Why would taxation need to remain the same? From a theoretical point of view it does not need to be the same at all. A new society would demand a new way of structuring government and by consequence also its finance. But you cannot instantly transform government and its dominated structures s.a. police, defence, infrastructures, justice, education or health care. They have been build up for many decades, centuries even. Restructuring involves large hierarchical structures of people, regulations, laws, positions of power, etc. It takes not only time. It demands general support, vision, hard work and accepting the psychology of change as a common transformative factor in which fear plays the most common human factor.
In a democracy a transformation is even more demanding and probably even impossible because of the fragmented party politics that have grown far from a common national purpose. Also people who vote tend to vote for what they have lost and not what they can achieve by working together.
When we take sustainocracy as a new structure for society at least all 4 pillars of society work out ideas together.
We all realize that the traditional tax structure and government expenditure needs to be intensely revised. We see that there is a long term continuation of the effects of the old consumer structure on human health and the environmental polution. This affects again the long term government expenditure requirement in health care, and that is not backed by sufficient tax income in the short term of the new structure. Either public debt increases further, or….we all take responsibility (sustainocracy).
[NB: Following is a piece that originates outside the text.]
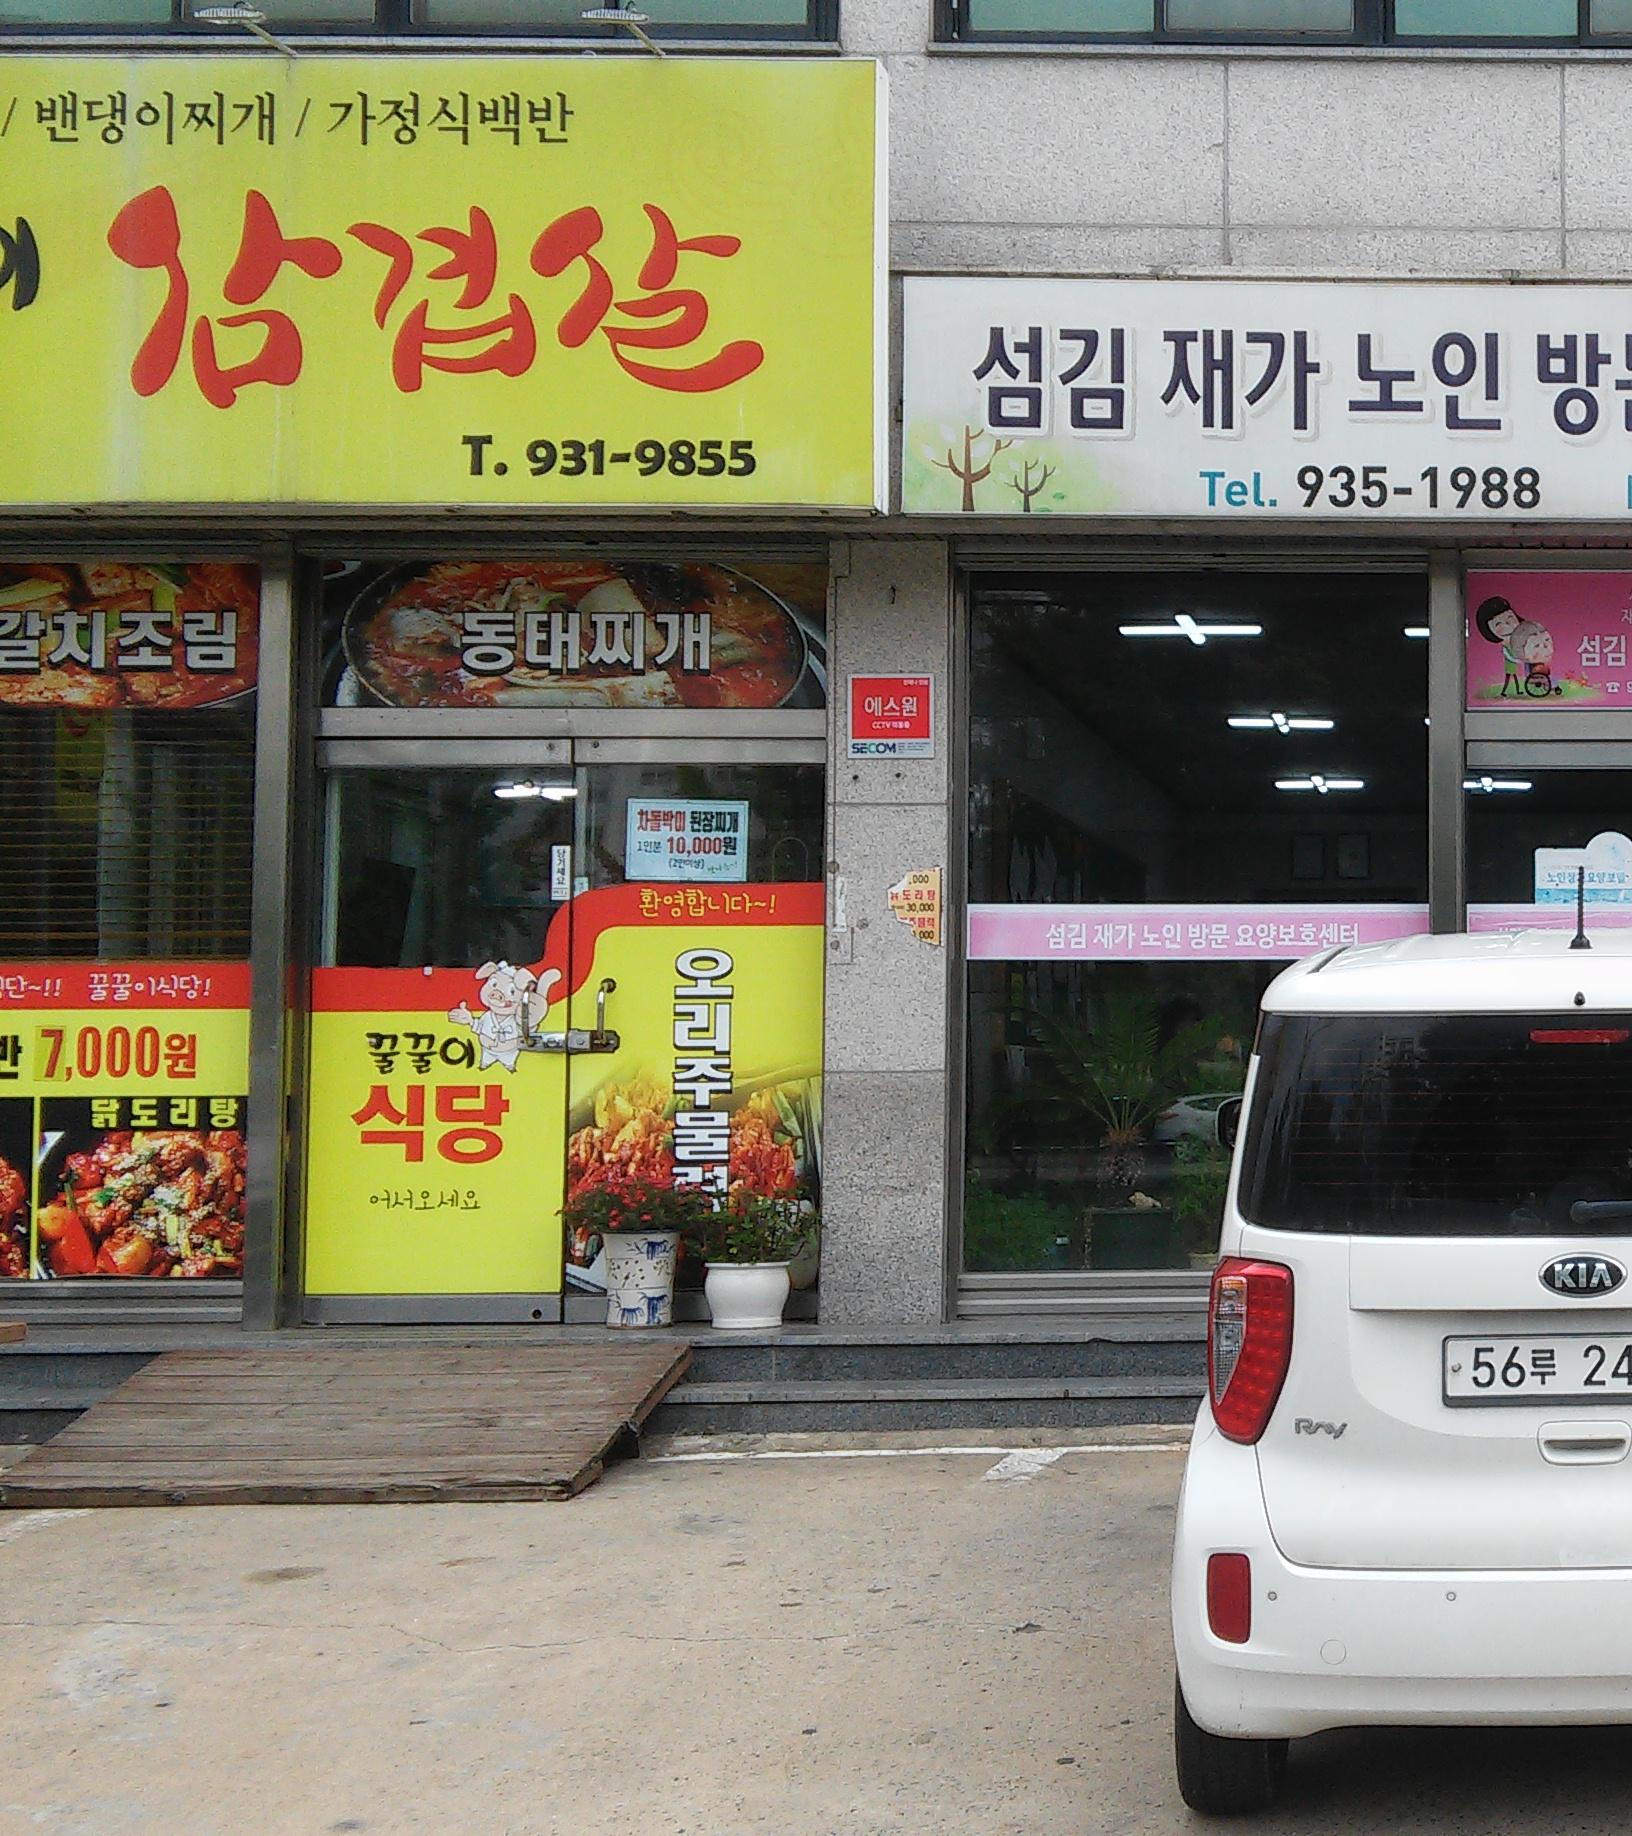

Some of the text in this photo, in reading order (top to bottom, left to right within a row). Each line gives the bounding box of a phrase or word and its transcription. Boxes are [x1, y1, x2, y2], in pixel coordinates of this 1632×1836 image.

Everything needs to transform at the same time.
Also, business needs to transform. When new entrepreneurial initiatives appear that substitute the old traditional ones we see an equivalent need for transformation of social financing and government responsibility. Business is much more inclined to assume local responsibility for reliable public services in which circular economy of usage replaces the linear economy of ownership. Government is then forced also to change from a regulating and consequence driven authority to facilitating structure that introduce flexibility, transparency in change and cooperation. On the one hand this would attend the uncertainty of the future. On the other hand one needs to spread the investment over all parties and not just through governmental channels. Taxation cannot cover both the government transformation AND social transformation all by itself. Today we see many governments already with a rising national debt beyond reasonable proportions, just to avoid change. More debt to induce change would be unacceptable. Moreover we concluded that a society based on usage requires the transformation of everything, not just government.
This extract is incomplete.